━━━ Task input

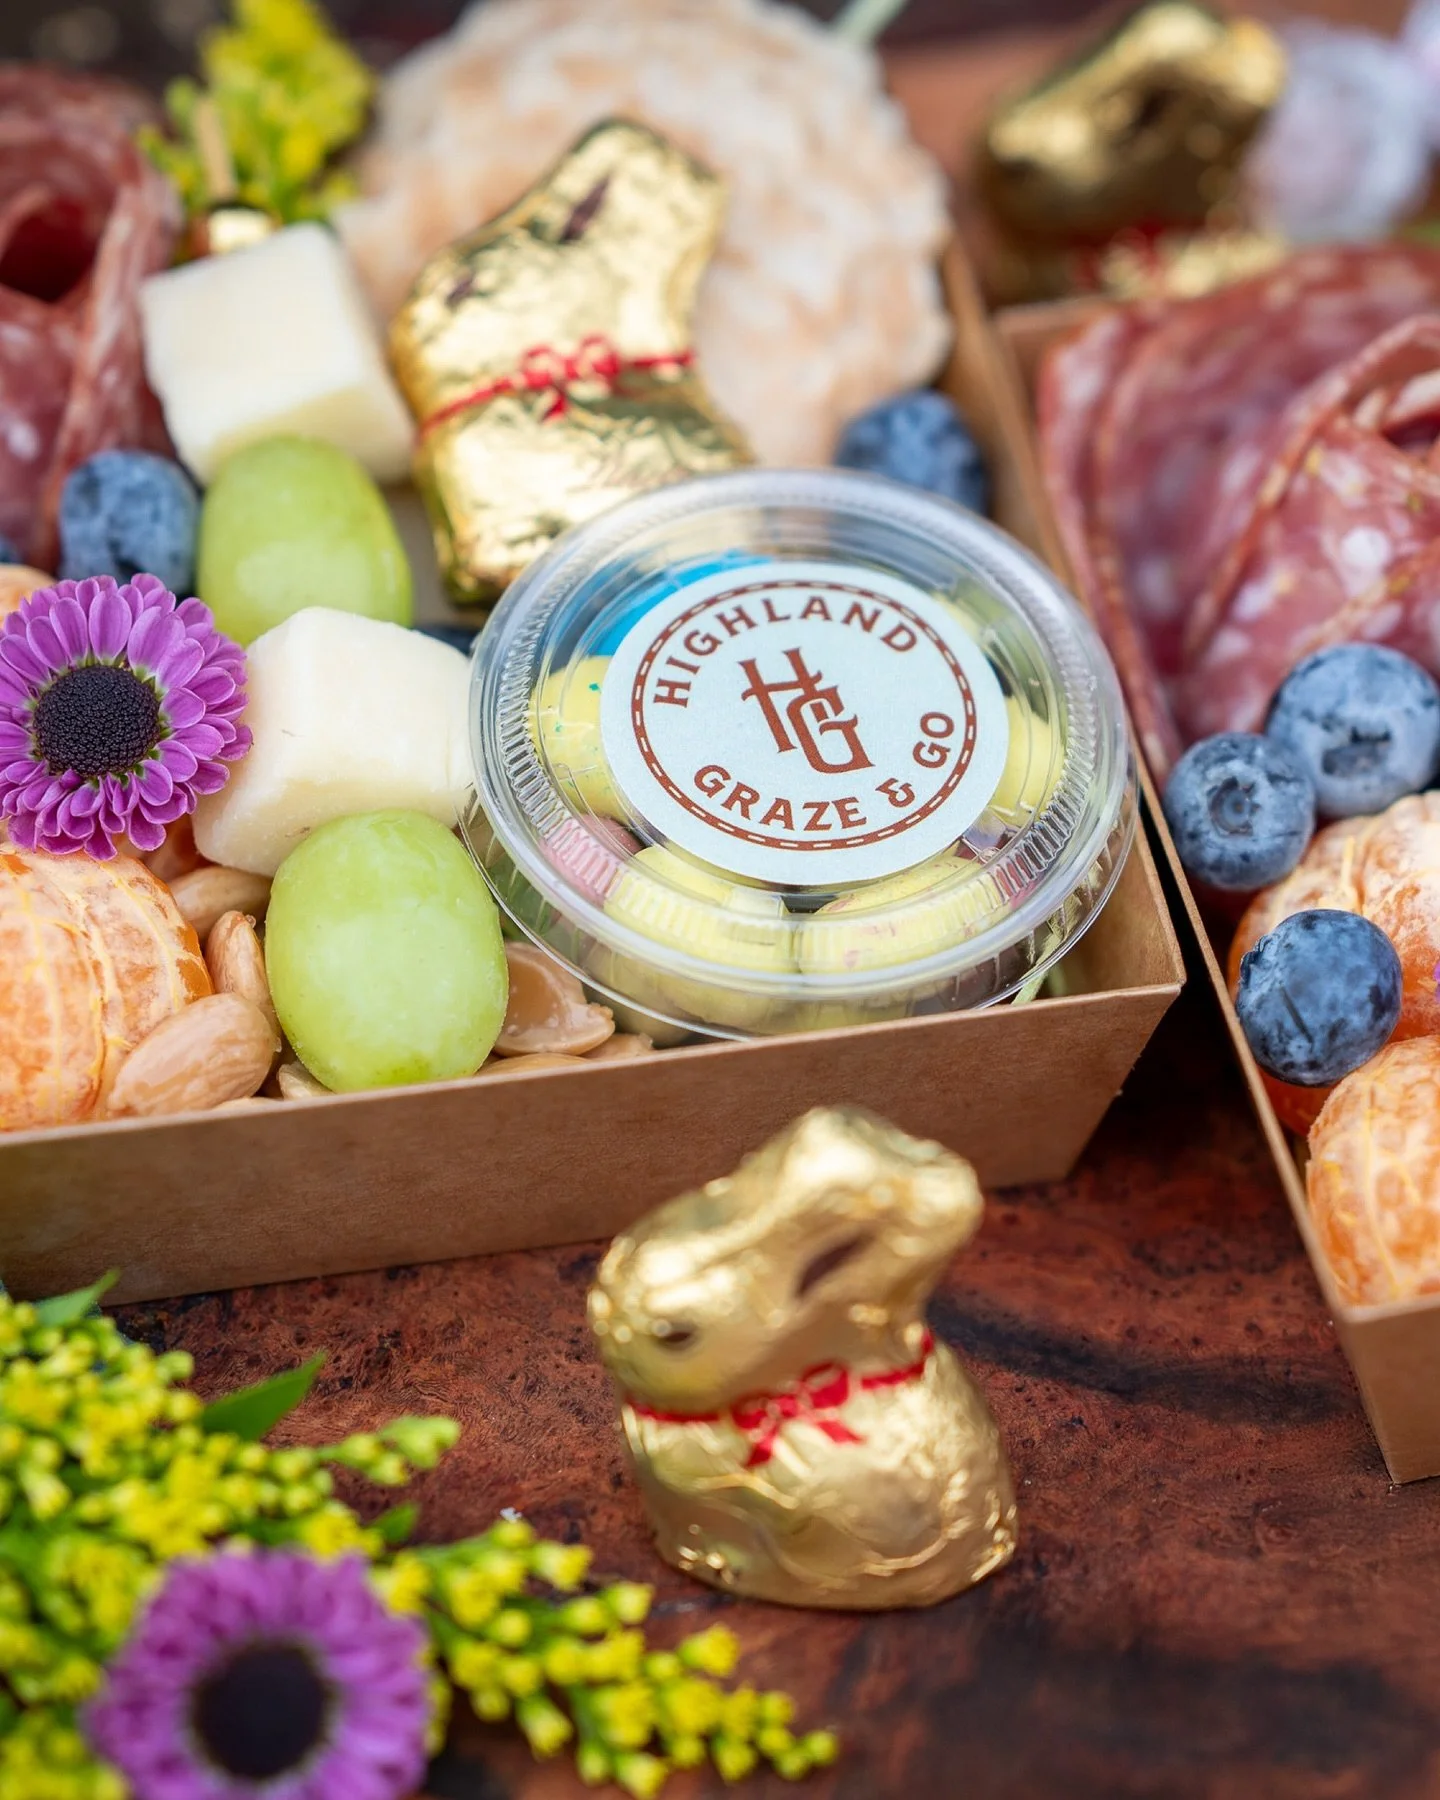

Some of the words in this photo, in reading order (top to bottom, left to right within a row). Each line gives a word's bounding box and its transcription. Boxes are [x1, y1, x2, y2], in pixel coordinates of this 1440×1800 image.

[653, 595, 918, 708] HIGHLAND
[693, 764, 868, 831] GRAZE
[875, 777, 916, 808] &
[912, 711, 955, 769] GO

━━━━━━

Problem details: Letter for letter, reproduce every record above and skip the pictures.

Output of the exercise:
Some of the words in this photo, in reading order (top to bottom, left to right within a row). Each line gives a word's bounding box and its transcription. Boxes are [x1, y1, x2, y2], in pixel coordinates of this 1440×1800 image.

[653, 595, 918, 708] HIGHLAND
[693, 764, 868, 831] GRAZE
[875, 777, 916, 808] &
[912, 711, 955, 769] GO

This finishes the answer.